One side of this problem is that most "incurable conditions" are
so poorly understood that no one can say just how long you would
have to be stored until (if and when) a cure was found. Pick a 
time. There is no time at which more than a few people could 
benefit from a cure which everyone believed would come but just
hadn't quite arrived just yet. That's how these things work. If you
really want to use suspended animation for medical reasons, then
you must accept that suspension must go on for an indefinite
period into the future.

And as I said before in a previous message, OF COURSE most 
authorities will oppose this idea. Cryonicists are telling them that
they are wrong. And it will take a major turn in the cast of 
 mind of anyone to realize that our present beliefs (medical and
other) are only very poor approximations to those which people of 
the 21st Century, or the 22nd, or the 23rd will hold. Someday, I
hope, people will learn their limits rather than make the 
al-inclusive claims so many make now, but that day may take 
centuries to come. (And naturally, with Authorities against it,
most ordinary people will find it very hard to accept us, too).
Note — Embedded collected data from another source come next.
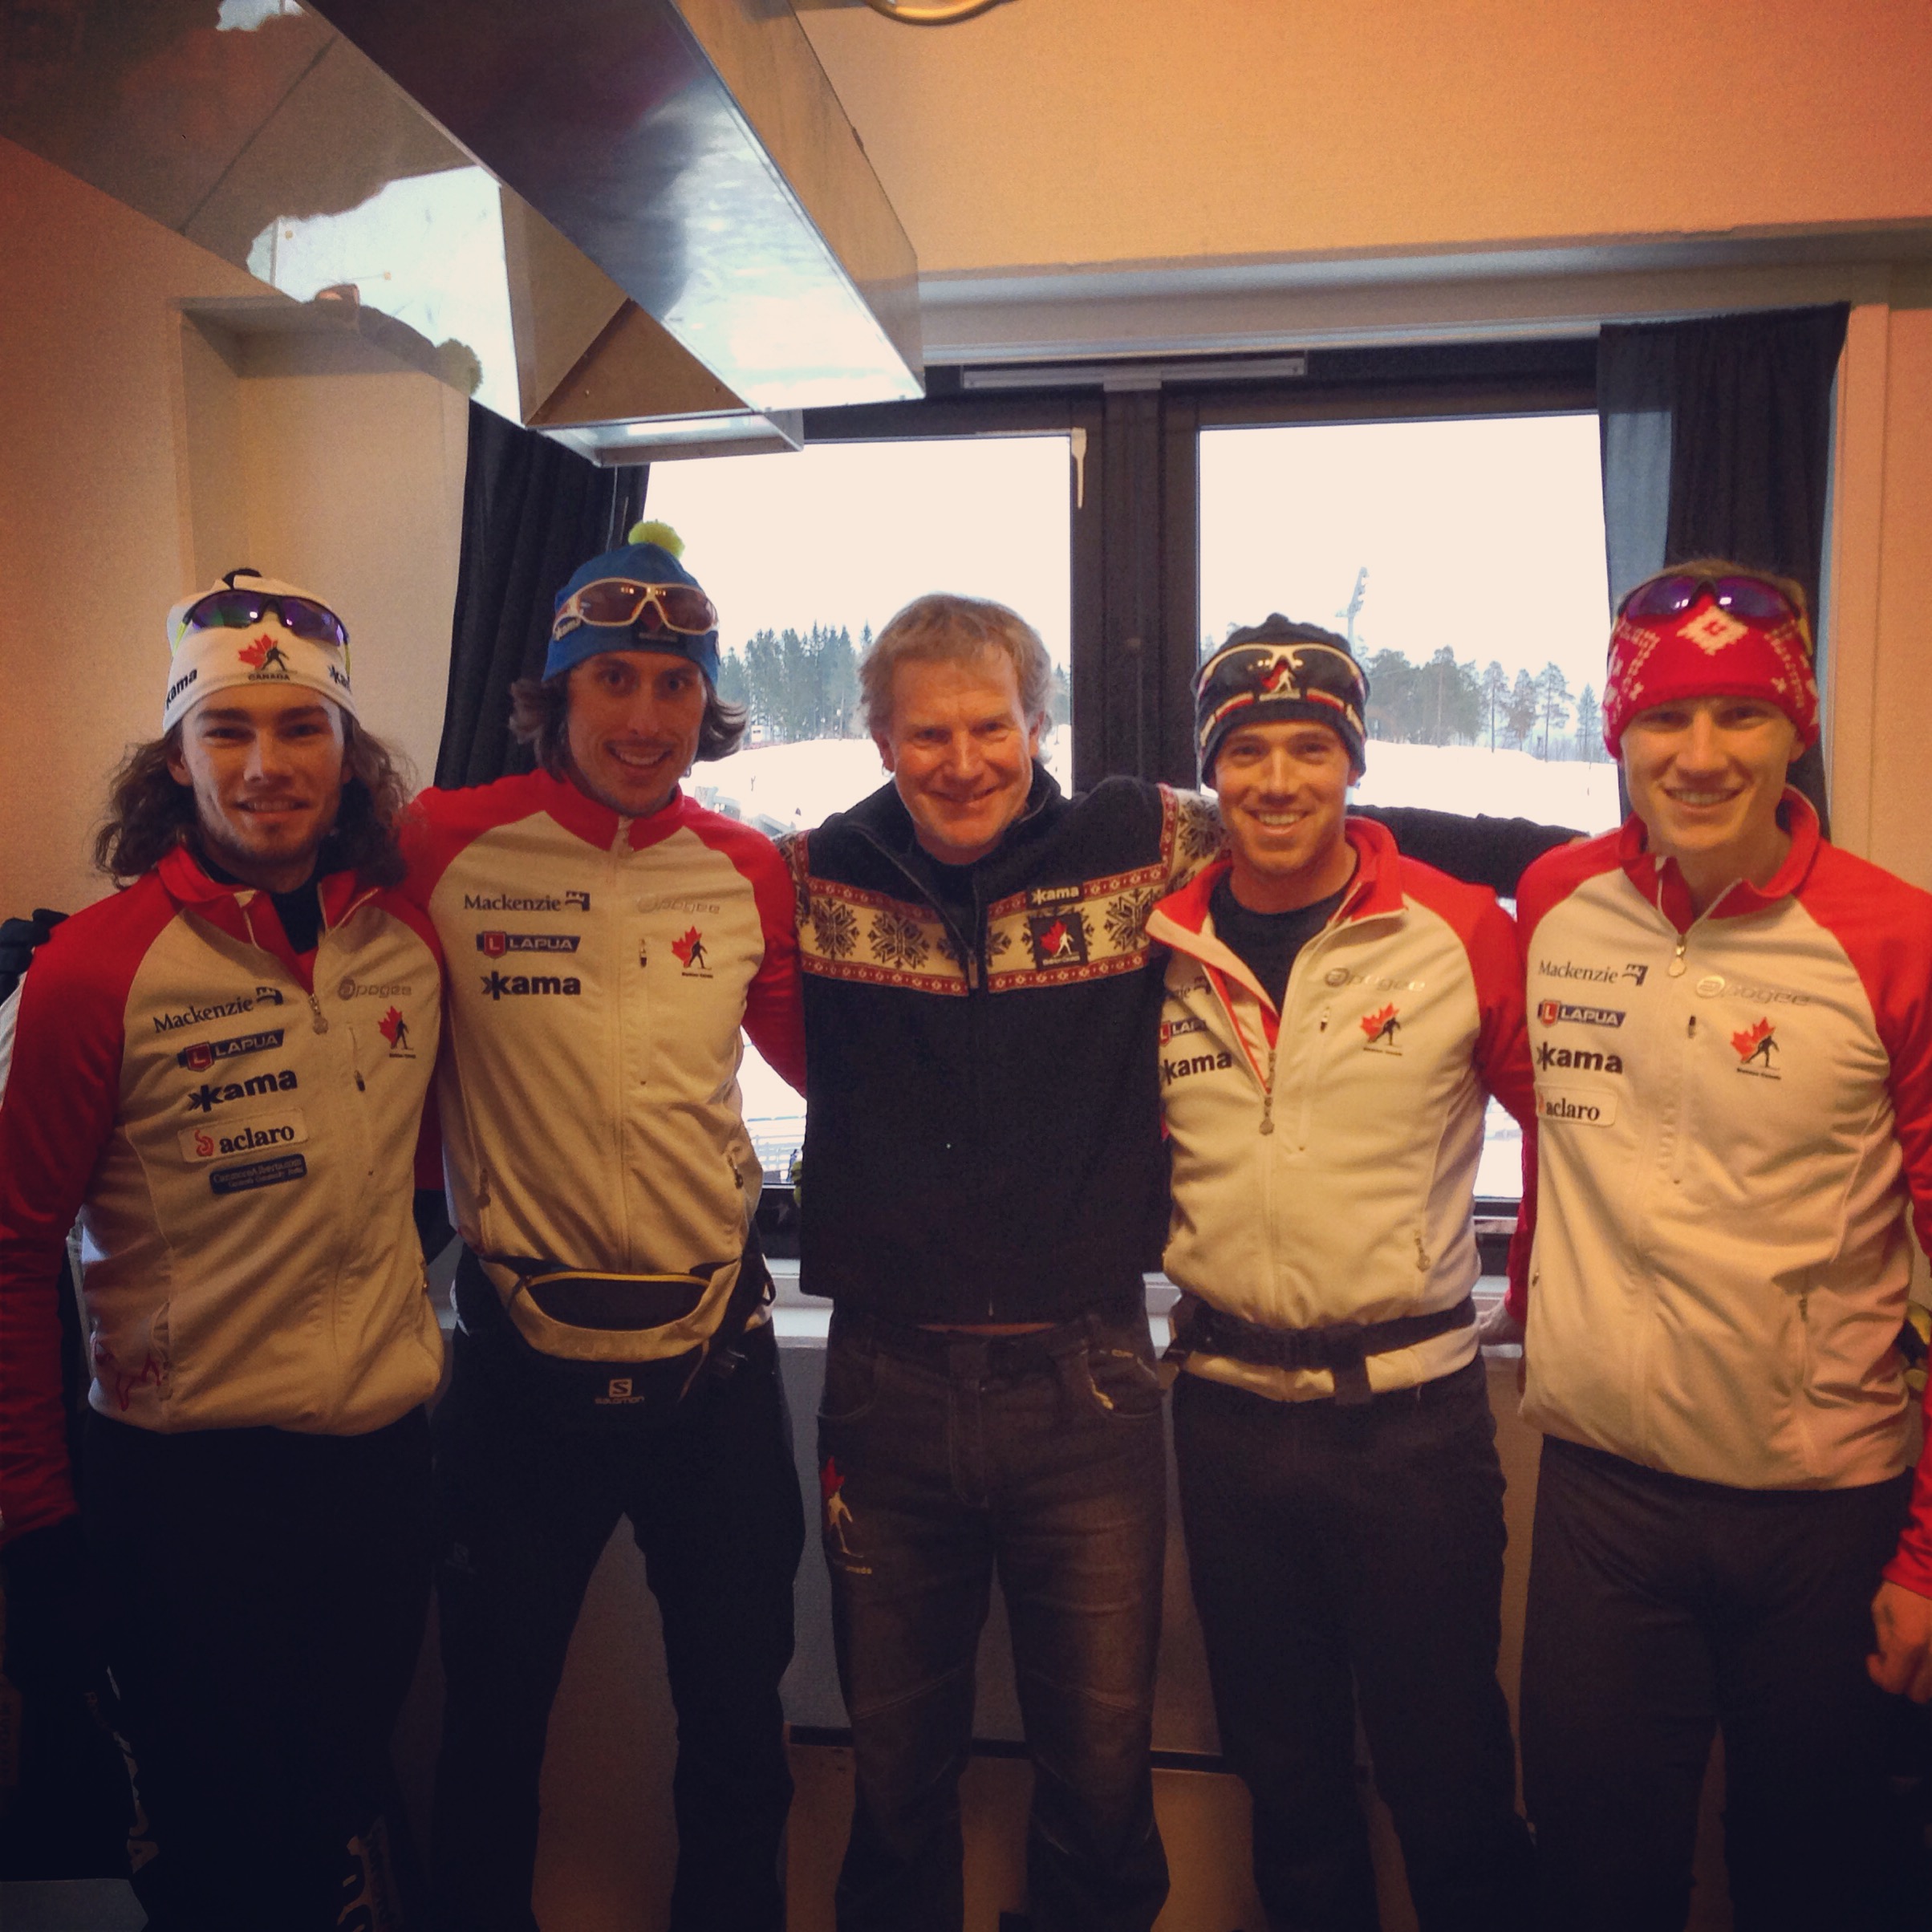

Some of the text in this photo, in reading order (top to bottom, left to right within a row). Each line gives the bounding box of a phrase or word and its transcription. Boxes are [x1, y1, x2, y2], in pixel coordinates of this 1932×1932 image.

[166, 668, 197, 710] kama
[248, 672, 290, 682] CANADA
[465, 894, 561, 912] Mackenzie
[1032, 887, 1079, 905] kama
[509, 937, 574, 951] LAPUA
[1539, 960, 1618, 984] Mackenzie
[481, 971, 581, 1000] kama
[153, 995, 254, 1033] Mackenzie
[1560, 1007, 1621, 1027] LAPUA
[214, 1033, 279, 1058] LAPUA
[1536, 1041, 1624, 1074] kama
[1163, 1052, 1233, 1085] kama
[189, 1070, 298, 1112] kama
[1545, 1099, 1601, 1122] aclaro
[219, 1125, 295, 1155] aclaro
What do you really want from cryonics? I want my chance at 
immortality. But if you expect large numbers of people to flock
to us, and measure the success of cryonics by the number of its
adherents, then you will wait for a long long time. If you expect
even most doctors to accept cryonics then you will be waiting for
a long long time.

I myself feel very glad that at last serious research has once
more started, and was happy to pledge $1000 US to such research 
every year. But I felt glad not because I expected any flood of
new cryonicists but because it would help my own drive for 
immortality (a belief that most people do not hold, and many
would consider hubristic).

So what do you want? 

And finally I must point out, not just for Saul but for everyone,
that it would be the worst decision of all to decide on the basis
of the scanty knowledge we now have, and will have, that because
the brains of previous patients seem irretrievably messed up, 
that they should be thawed out and abandoned. No, I am not saying
that you have said that directly, but once more there remains a
logical implication. To take such an attitude is directly against
that fundamental insight behind cryonics. We must be willing to 
store our patients into the indefinite future, for otherwise we
may someday be ourselves the patients thawed out "because we now
know their condition is incurable".

AS for what cryonics now provides, it provides a POSSIBILITY of
continued life. It is by research that we can make that possibility
much larger for future patients (among which we may well be).
Will cryonics ever "WORK"? Well, for individuals we will someday
bring them back, and cure them of their condition. But there will
aalways be those we do not know how to cure, who lie in suspension
indefinitely waiting for some cure we now cannot even imagine. And
I promise that those patients will seem, to some, good proof that
cryonics has failed, and the lucky survivors will be thought of
not as proof that cryonics has worked but as rare cases of 
purely random success. (After all, everyone knows how to cure
condition X, but those others look quite impossible.... So clearly
cryonics has been almost a total failure).